An exact copy of the entries below is the expected answer.

** EXCERPTED DATA follows **

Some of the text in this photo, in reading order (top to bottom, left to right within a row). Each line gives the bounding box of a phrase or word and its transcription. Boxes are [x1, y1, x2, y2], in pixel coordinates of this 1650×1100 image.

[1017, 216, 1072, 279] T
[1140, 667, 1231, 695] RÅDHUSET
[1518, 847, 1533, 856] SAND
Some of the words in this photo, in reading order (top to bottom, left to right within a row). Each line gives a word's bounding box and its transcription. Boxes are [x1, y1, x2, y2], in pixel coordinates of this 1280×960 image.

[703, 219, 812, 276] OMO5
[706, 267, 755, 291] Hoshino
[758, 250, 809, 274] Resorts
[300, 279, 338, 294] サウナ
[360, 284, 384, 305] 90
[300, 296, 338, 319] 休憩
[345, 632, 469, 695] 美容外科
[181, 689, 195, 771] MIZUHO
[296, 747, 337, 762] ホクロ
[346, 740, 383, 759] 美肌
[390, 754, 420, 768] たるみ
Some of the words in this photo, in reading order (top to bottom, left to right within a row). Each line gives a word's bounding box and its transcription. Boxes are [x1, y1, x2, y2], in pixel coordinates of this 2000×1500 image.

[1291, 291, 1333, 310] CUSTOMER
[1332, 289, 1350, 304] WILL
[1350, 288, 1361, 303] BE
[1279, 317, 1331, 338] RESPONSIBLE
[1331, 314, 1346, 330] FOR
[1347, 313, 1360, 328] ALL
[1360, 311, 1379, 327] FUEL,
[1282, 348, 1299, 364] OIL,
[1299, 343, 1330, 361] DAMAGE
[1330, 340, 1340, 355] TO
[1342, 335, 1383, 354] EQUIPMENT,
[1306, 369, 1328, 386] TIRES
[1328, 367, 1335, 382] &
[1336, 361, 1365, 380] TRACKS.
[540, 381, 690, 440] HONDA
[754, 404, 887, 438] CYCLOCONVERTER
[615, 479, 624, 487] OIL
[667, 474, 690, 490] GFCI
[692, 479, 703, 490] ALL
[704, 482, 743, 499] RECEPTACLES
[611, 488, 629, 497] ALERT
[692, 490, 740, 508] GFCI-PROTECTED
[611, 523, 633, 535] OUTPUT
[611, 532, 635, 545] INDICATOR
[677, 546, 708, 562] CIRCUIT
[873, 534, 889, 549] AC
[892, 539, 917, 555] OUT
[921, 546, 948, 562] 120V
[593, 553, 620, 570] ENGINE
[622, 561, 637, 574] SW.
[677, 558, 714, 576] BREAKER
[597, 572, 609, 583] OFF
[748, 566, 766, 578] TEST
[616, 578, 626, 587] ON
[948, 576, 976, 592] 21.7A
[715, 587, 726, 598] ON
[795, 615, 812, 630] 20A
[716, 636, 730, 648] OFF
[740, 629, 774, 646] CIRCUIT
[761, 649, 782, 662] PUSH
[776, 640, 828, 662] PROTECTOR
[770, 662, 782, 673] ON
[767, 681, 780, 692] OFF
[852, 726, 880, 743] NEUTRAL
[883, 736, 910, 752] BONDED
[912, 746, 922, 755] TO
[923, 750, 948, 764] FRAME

** End of EXCERPTED DATA **

WRITTEN RESPONSE -
Some of the text in this photo, in reading order (top to bottom, left to right within a row). Each line gives the bounding box of a phrase or word and its transcription. Boxes are [x1, y1, x2, y2], in pixel coordinates of this 1650×1100 image.

[1017, 216, 1072, 279] T
[1140, 667, 1231, 695] RÅDHUSET
[1518, 847, 1533, 856] SAND
Some of the words in this photo, in reading order (top to bottom, left to right within a row). Each line gives a word's bounding box and its transcription. Boxes are [x1, y1, x2, y2], in pixel coordinates of this 1280×960 image.

[703, 219, 812, 276] OMO5
[706, 267, 755, 291] Hoshino
[758, 250, 809, 274] Resorts
[300, 279, 338, 294] サウナ
[360, 284, 384, 305] 90
[300, 296, 338, 319] 休憩
[345, 632, 469, 695] 美容外科
[181, 689, 195, 771] MIZUHO
[296, 747, 337, 762] ホクロ
[346, 740, 383, 759] 美肌
[390, 754, 420, 768] たるみ
Some of the words in this photo, in reading order (top to bottom, left to right within a row). Each line gives a word's bounding box and its transcription. Boxes are [x1, y1, x2, y2], in pixel coordinates of this 2000×1500 image.

[1291, 291, 1333, 310] CUSTOMER
[1332, 289, 1350, 304] WILL
[1350, 288, 1361, 303] BE
[1279, 317, 1331, 338] RESPONSIBLE
[1331, 314, 1346, 330] FOR
[1347, 313, 1360, 328] ALL
[1360, 311, 1379, 327] FUEL,
[1282, 348, 1299, 364] OIL,
[1299, 343, 1330, 361] DAMAGE
[1330, 340, 1340, 355] TO
[1342, 335, 1383, 354] EQUIPMENT,
[1306, 369, 1328, 386] TIRES
[1328, 367, 1335, 382] &
[1336, 361, 1365, 380] TRACKS.
[540, 381, 690, 440] HONDA
[754, 404, 887, 438] CYCLOCONVERTER
[615, 479, 624, 487] OIL
[667, 474, 690, 490] GFCI
[692, 479, 703, 490] ALL
[704, 482, 743, 499] RECEPTACLES
[611, 488, 629, 497] ALERT
[692, 490, 740, 508] GFCI-PROTECTED
[611, 523, 633, 535] OUTPUT
[611, 532, 635, 545] INDICATOR
[677, 546, 708, 562] CIRCUIT
[873, 534, 889, 549] AC
[892, 539, 917, 555] OUT
[921, 546, 948, 562] 120V
[593, 553, 620, 570] ENGINE
[622, 561, 637, 574] SW.
[677, 558, 714, 576] BREAKER
[597, 572, 609, 583] OFF
[748, 566, 766, 578] TEST
[616, 578, 626, 587] ON
[948, 576, 976, 592] 21.7A
[715, 587, 726, 598] ON
[795, 615, 812, 630] 20A
[716, 636, 730, 648] OFF
[740, 629, 774, 646] CIRCUIT
[761, 649, 782, 662] PUSH
[776, 640, 828, 662] PROTECTOR
[770, 662, 782, 673] ON
[767, 681, 780, 692] OFF
[852, 726, 880, 743] NEUTRAL
[883, 736, 910, 752] BONDED
[912, 746, 922, 755] TO
[923, 750, 948, 764] FRAME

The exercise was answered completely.